→ TASK ITEM
Word for word, restate the entries below and exclude every image.

--- EXERCISE INPUT Enclosed Below ---

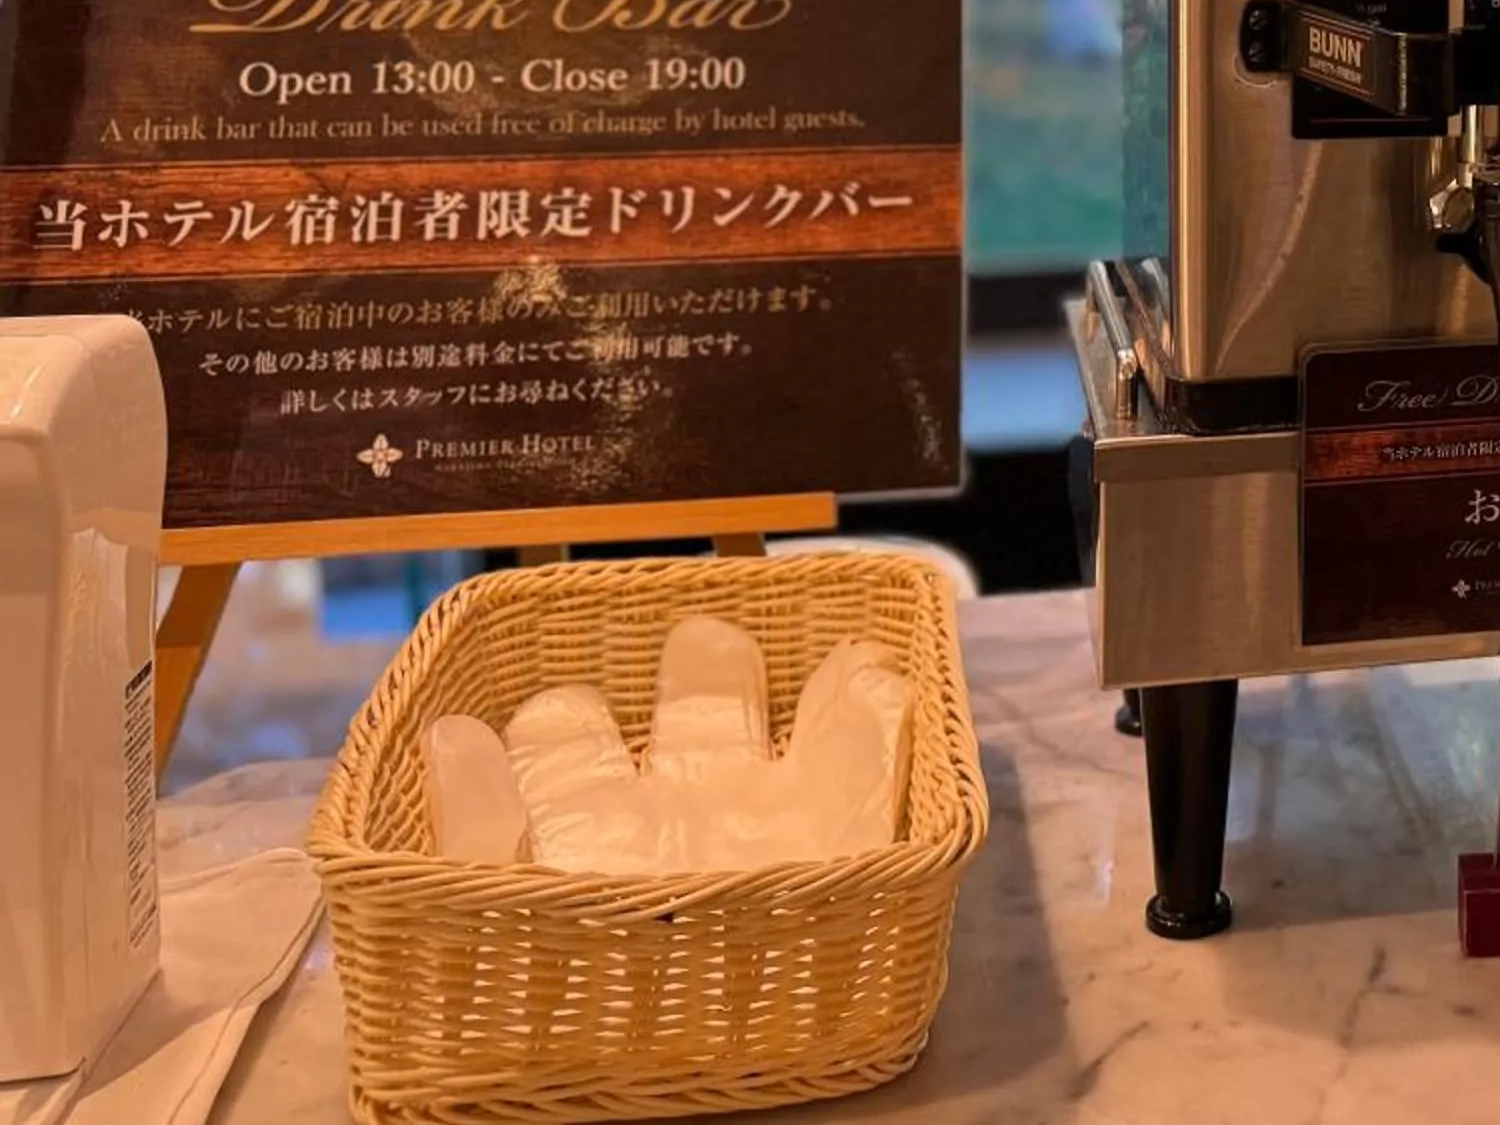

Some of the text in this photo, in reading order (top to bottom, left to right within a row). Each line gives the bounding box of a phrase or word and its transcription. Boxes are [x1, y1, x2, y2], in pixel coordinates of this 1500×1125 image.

[1309, 27, 1362, 67] BUNN
[239, 61, 352, 103] Open
[371, 61, 475, 94] 13:00
[521, 58, 628, 92] Close
[645, 56, 746, 90] 19:00
[101, 118, 123, 143] A
[133, 115, 206, 141] drink
[216, 116, 261, 140] bar
[269, 115, 318, 138] that
[326, 119, 372, 138] can
[382, 113, 412, 137] be
[423, 113, 482, 135] used
[491, 113, 541, 135] free
[582, 109, 666, 137] charge
[675, 108, 705, 137] by
[713, 106, 776, 131] hotel
[33, 182, 913, 251] 当ホテル宿泊者限定ドリンクバー
[1357, 381, 1440, 412] Free
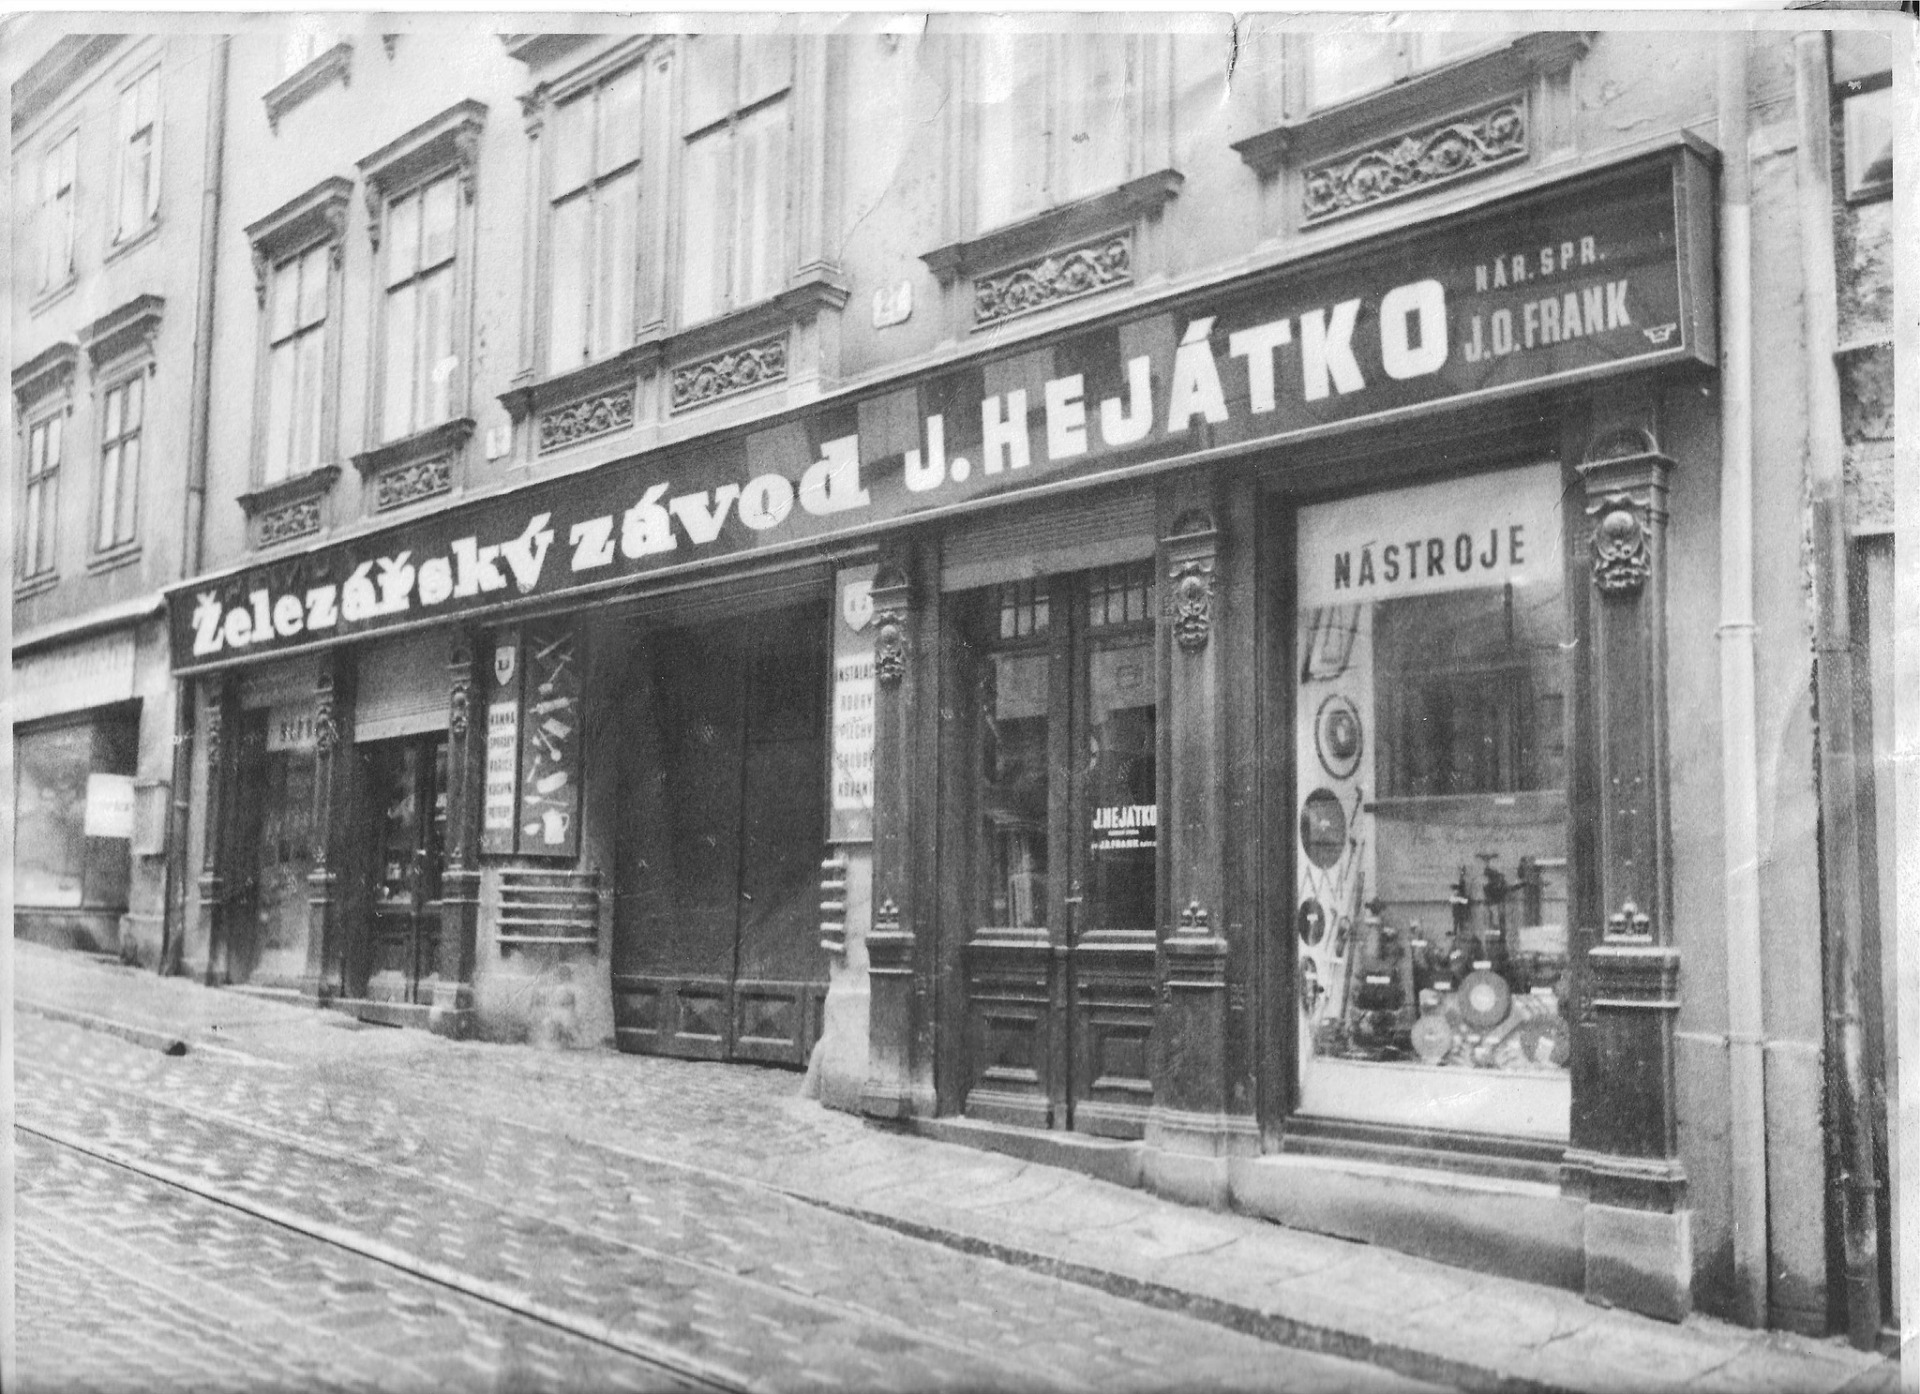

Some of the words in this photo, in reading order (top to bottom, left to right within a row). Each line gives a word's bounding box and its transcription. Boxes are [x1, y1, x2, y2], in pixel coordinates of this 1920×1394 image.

[191, 510, 556, 657] Železářský
[569, 432, 872, 573] závod
[1334, 523, 1526, 592] NÁSTROJE

--- End of Enclosed EXERCISE INPUT ---

→ RESPONSE
Some of the text in this photo, in reading order (top to bottom, left to right within a row). Each line gives the bounding box of a phrase or word and its transcription. Boxes are [x1, y1, x2, y2], in pixel coordinates of this 1500×1125 image.

[1309, 27, 1362, 67] BUNN
[239, 61, 352, 103] Open
[371, 61, 475, 94] 13:00
[521, 58, 628, 92] Close
[645, 56, 746, 90] 19:00
[101, 118, 123, 143] A
[133, 115, 206, 141] drink
[216, 116, 261, 140] bar
[269, 115, 318, 138] that
[326, 119, 372, 138] can
[382, 113, 412, 137] be
[423, 113, 482, 135] used
[491, 113, 541, 135] free
[582, 109, 666, 137] charge
[675, 108, 705, 137] by
[713, 106, 776, 131] hotel
[33, 182, 913, 251] 当ホテル宿泊者限定ドリンクバー
[1357, 381, 1440, 412] Free

Some of the words in this photo, in reading order (top to bottom, left to right within a row). Each line gives a word's bounding box and its transcription. Boxes are [x1, y1, x2, y2], in pixel coordinates of this 1920×1394 image.

[191, 510, 556, 657] Železářský
[569, 432, 872, 573] závod
[1334, 523, 1526, 592] NÁSTROJE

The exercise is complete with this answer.